A deliberately constrained learning project: build the money-movement core of a fintech wallet / SaaS-credits system on MySQL / InnoDB, where the rule is I never get handed a schema. The schema is trivial; keeping money correct under concurrency and at scale is not. That hard part can't be answered by a schema dump — it has to be reasoned about. So I write the design and the reasoning; my AI tooling is configured to only attack it, never author it.
This repo is two things at once:
- A portfolio piece — a public record of how I think about data modeling, indexing, transactions, and query-plan tuning.
- Deliberate practice — I'm a backend engineer (Go, ~1.5y) whose honest weakest area is
the database layer: I'd never designed a schema, an index, or read an
EXPLAINplan. This project exists to close exactly that gap, on purpose, the hard way.
If you ask an AI for a ledger schema, you get a correct one instantly and learn nothing. So the
.claude/CLAUDE.md in this repo configures Claude Code as a skeptical
senior DBA that is forbidden from writing any schema, SQL, or code for me. It may only ask
questions, cite the official MySQL/InnoDB docs, and tell me when I'm wrong — never how to
fix it. Every design decision in this repo is one I had to sweat for and defend out loud.
Using AI as an adversary that sharpens reasoning, rather than a vending machine that replaces it, is itself the meta-skill I'm practicing here.
The money-movement core of a product where users can top up, spend / withdraw, transfer to another user, and refund. Modeled from six correctness invariants rather than from a given table layout:
- Money is conserved — internal ops never create or destroy value (→ double-entry).
- No negative balance unless overdraft is explicitly allowed.
- Every operation is idempotent — a retried top-up applies exactly once.
- The ledger is append-only & auditable — no
UPDATE/DELETEof posted entries; corrections are compensating entries. - History is queryable — "balance of account X at time T?" must be answerable.
- Reads are hot — "last 50 transactions" and "current balance" are called constantly.
The schema is derived from these invariants. See the full brief: ledger_db_learning_project.md.
Each scenario is run against a real MySQL instance to watch a specific failure happen:
| # | Scenario | What it teaches |
|---|---|---|
| A | Two concurrent withdrawals of 80 from a balance of 100 | Isolation levels, SELECT … FOR UPDATE, optimistic versioning |
| B | Transfer A→B crashes after debit, before credit | Atomicity, transaction boundaries, dual-write problem |
| C | SUM() over 10M ledger rows takes 2s |
EXPLAIN the scan; running-balance vs snapshot vs sum-on-read |
| D | "Transactions between two dates for account X" is slow | Composite index, column order, leftmost-prefix, selectivity |
| E | LIMIT 50 OFFSET 1000000 crawls |
Keyset / cursor pagination |
| F | Transfer A→B and B→A concurrently | Deadlocks, lock ordering, reading the InnoDB deadlock log |
- Phase 0 — Model on paper. No DB, no AI. Invariants → tables → exact queries.

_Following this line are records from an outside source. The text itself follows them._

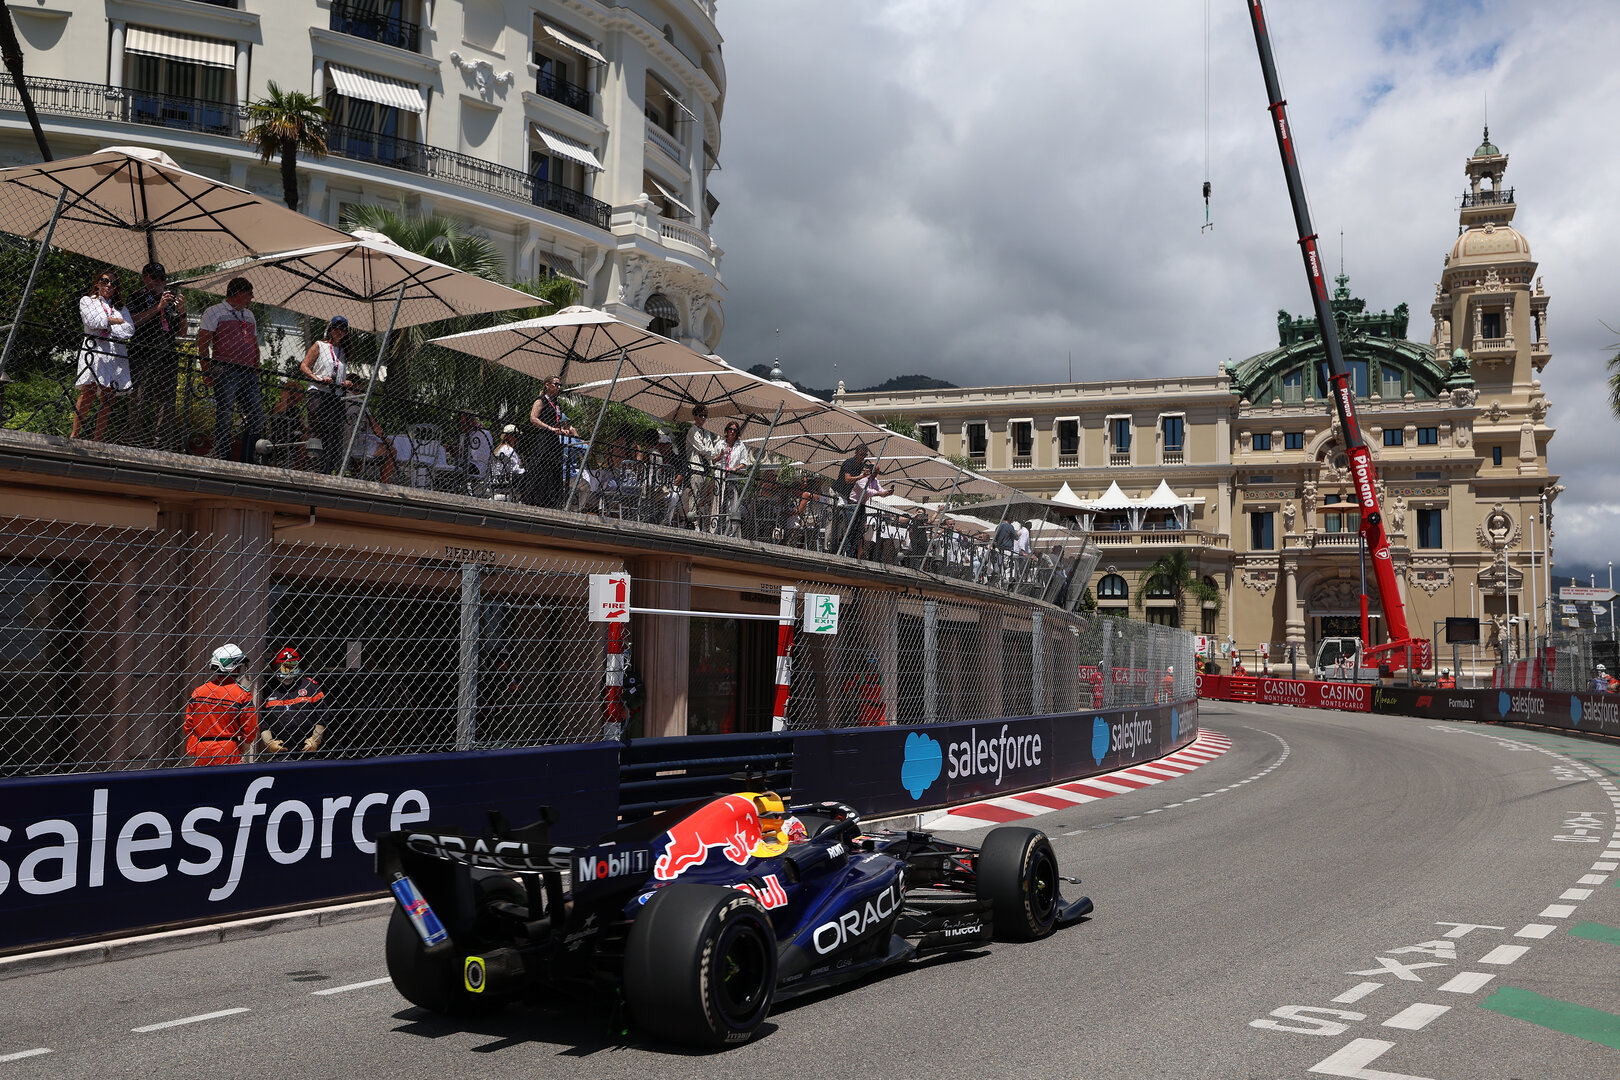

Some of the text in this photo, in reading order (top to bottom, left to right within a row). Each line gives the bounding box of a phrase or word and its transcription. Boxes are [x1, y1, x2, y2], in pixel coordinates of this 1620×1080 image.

[1354, 455, 1374, 508] Piovano
[1264, 681, 1306, 697] CASINO
[1321, 685, 1364, 702] CASINO
[1448, 699, 1470, 708] Formula
[1512, 691, 1545, 719] salesforce
[1583, 696, 1619, 729] salesforce
[1112, 712, 1152, 758] salesforce
[948, 724, 1042, 786] salesforce
[0, 776, 430, 901] alesforce
[406, 833, 575, 870] ORACLE
[578, 851, 630, 882] Mobil
[1248, 921, 1506, 1036] TAXIS

- Phase 1 — B-tree reality: full scan vs range scan, B+-tree fan-out, InnoDB clustered PK.
- Phase 2 — Selectivity & composite indexes; covering indexes (
Using index). - Phase 3 — Transactions & isolation levels; finding write skew under
REPEATABLE READ. - Phase 4 — Locking & deadlocks; pessimistic vs optimistic; InnoDB gap locks.
- Phase 5 — The aggregation trade-off: sum-on-read vs running balance vs snapshot, measured.

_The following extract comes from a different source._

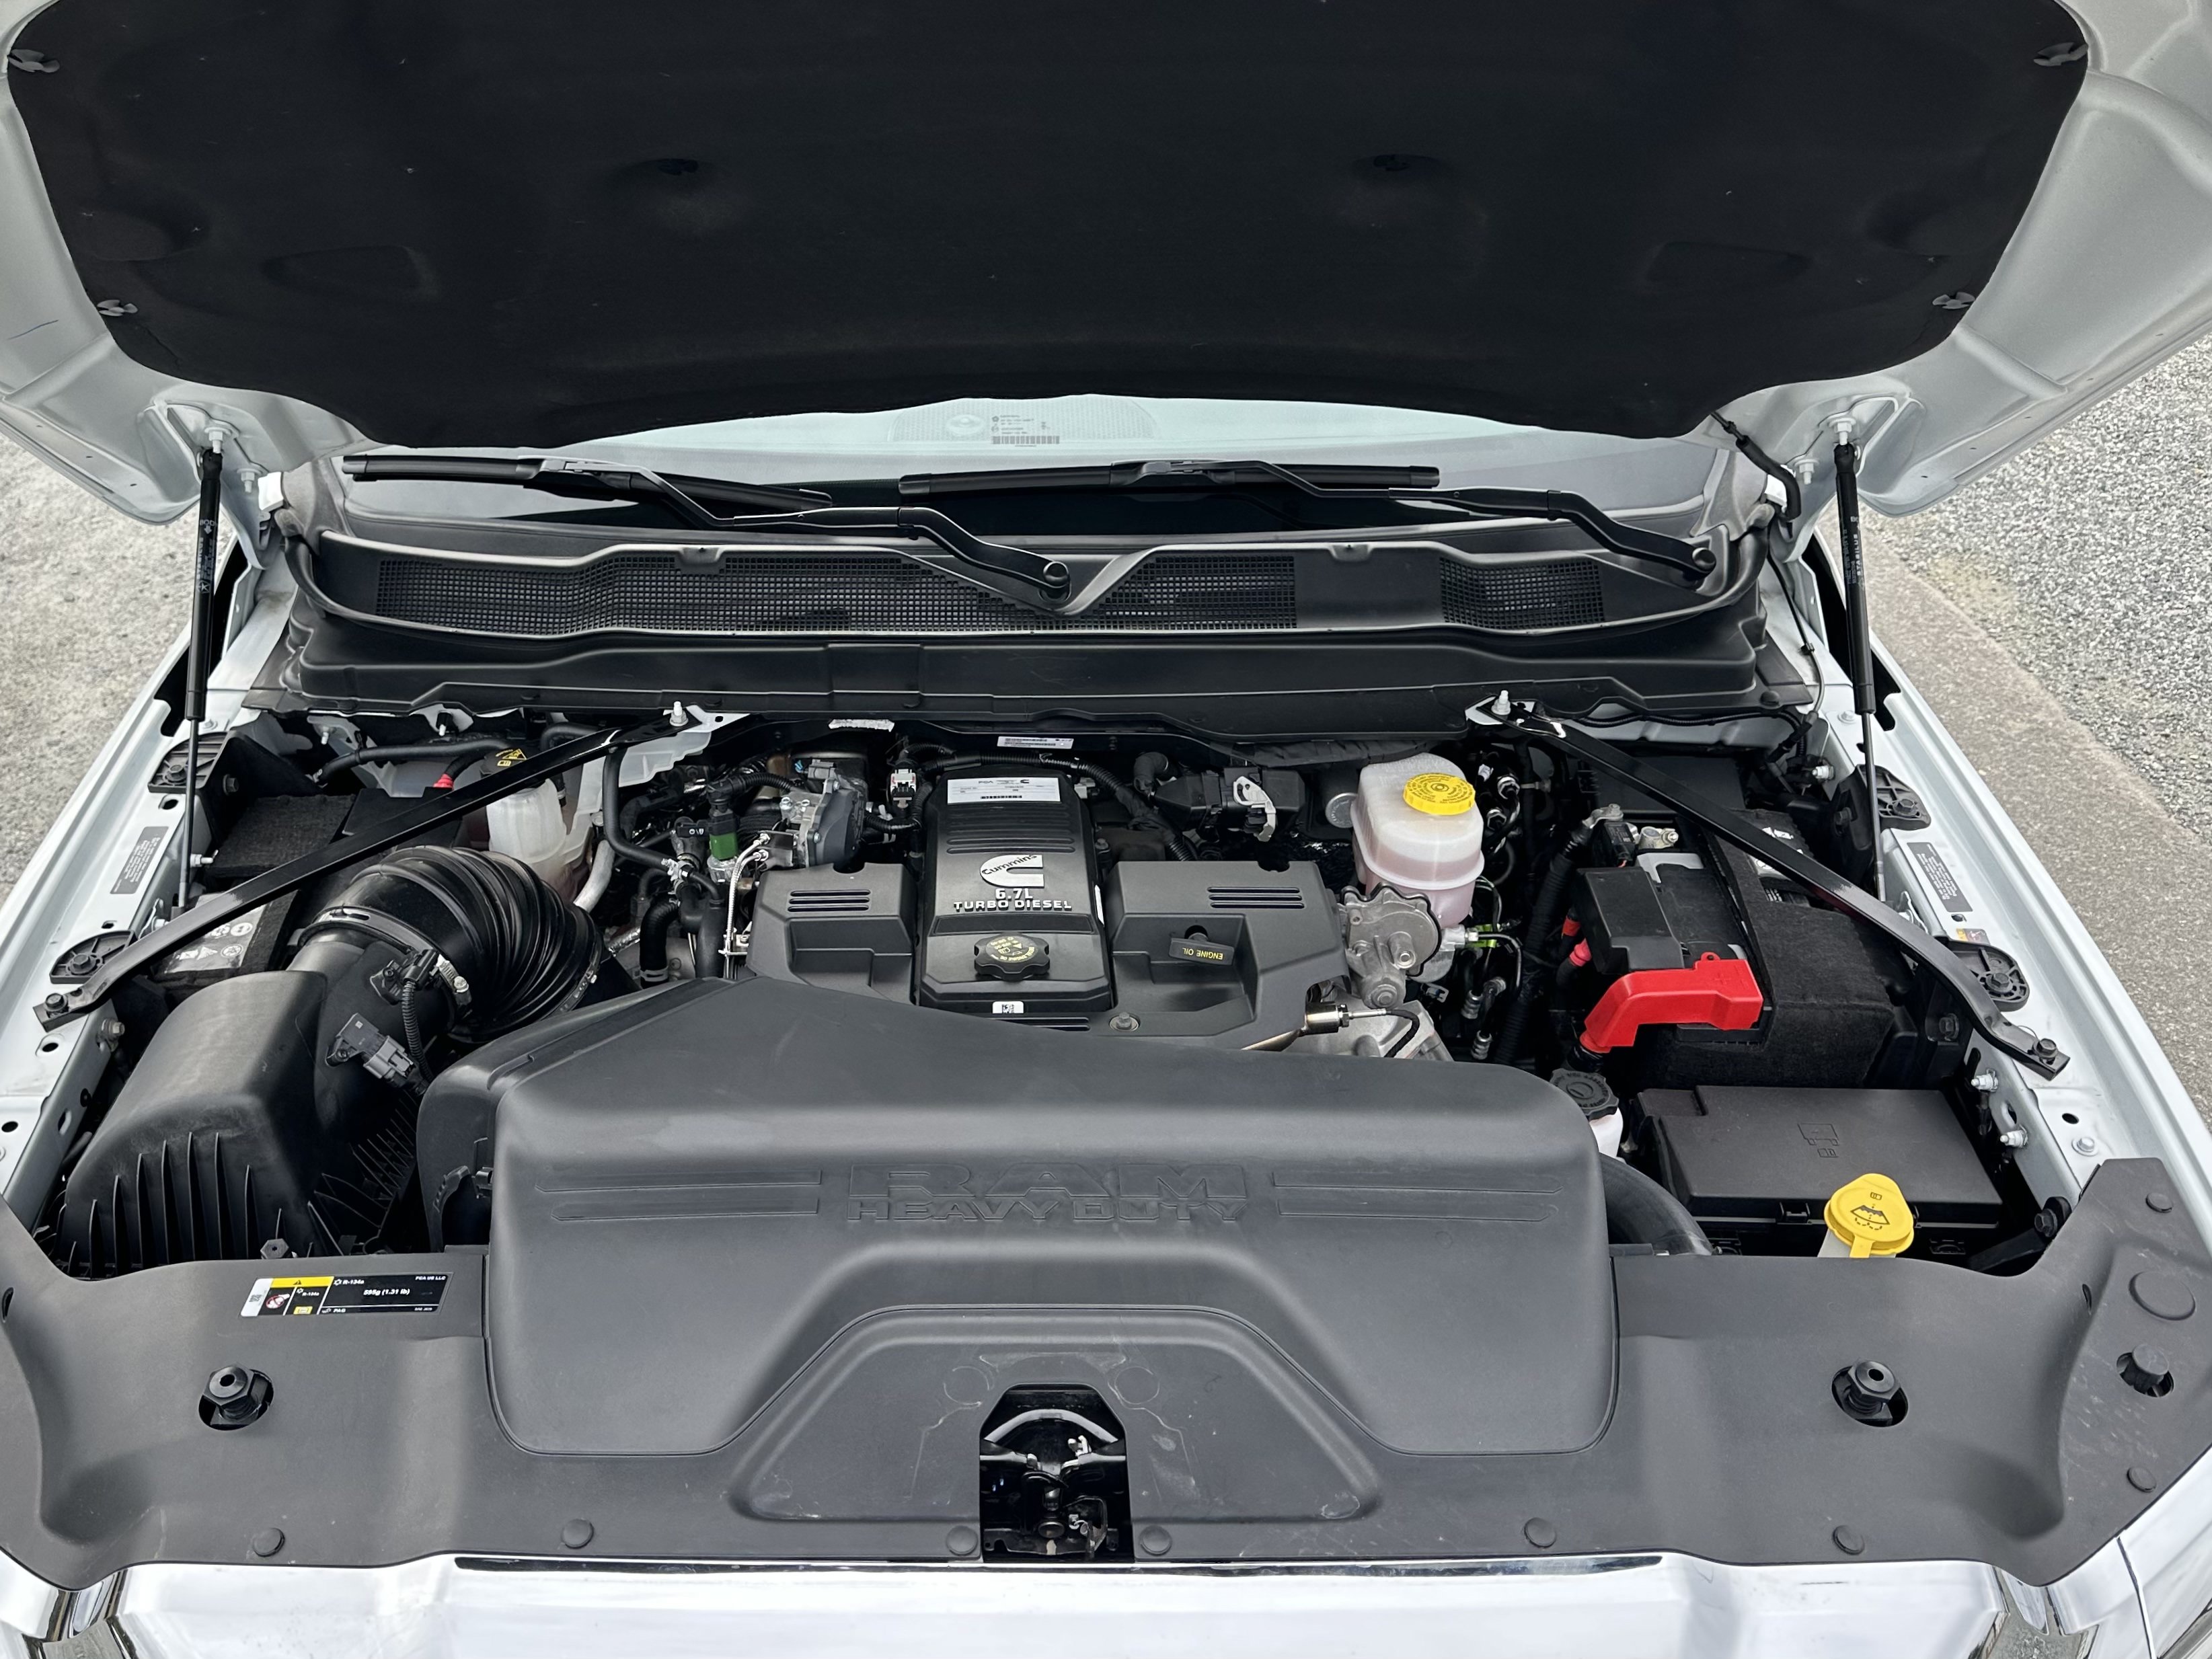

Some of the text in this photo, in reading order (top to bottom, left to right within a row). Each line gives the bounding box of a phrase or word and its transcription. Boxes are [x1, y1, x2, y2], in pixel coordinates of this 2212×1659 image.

- MySQL 8.x / InnoDB (primary), Postgres notes where behavior differs
- Go for the thin application layer (the DB is the point)
- Dockerized local MySQL; synthetic data generator for scale tests
.
├── README.md # you are here
├── ledger_db_learning_project.md # full project brief / curriculum
├── .claude/CLAUDE.md # the "DBA adversary" rules for Claude Code
└── docs/ # my design artifacts: paper model, notes, EXPLAIN logs
Status: active learning project, not production software, and not intended to be. The point is the reasoning trail, not a deployable product.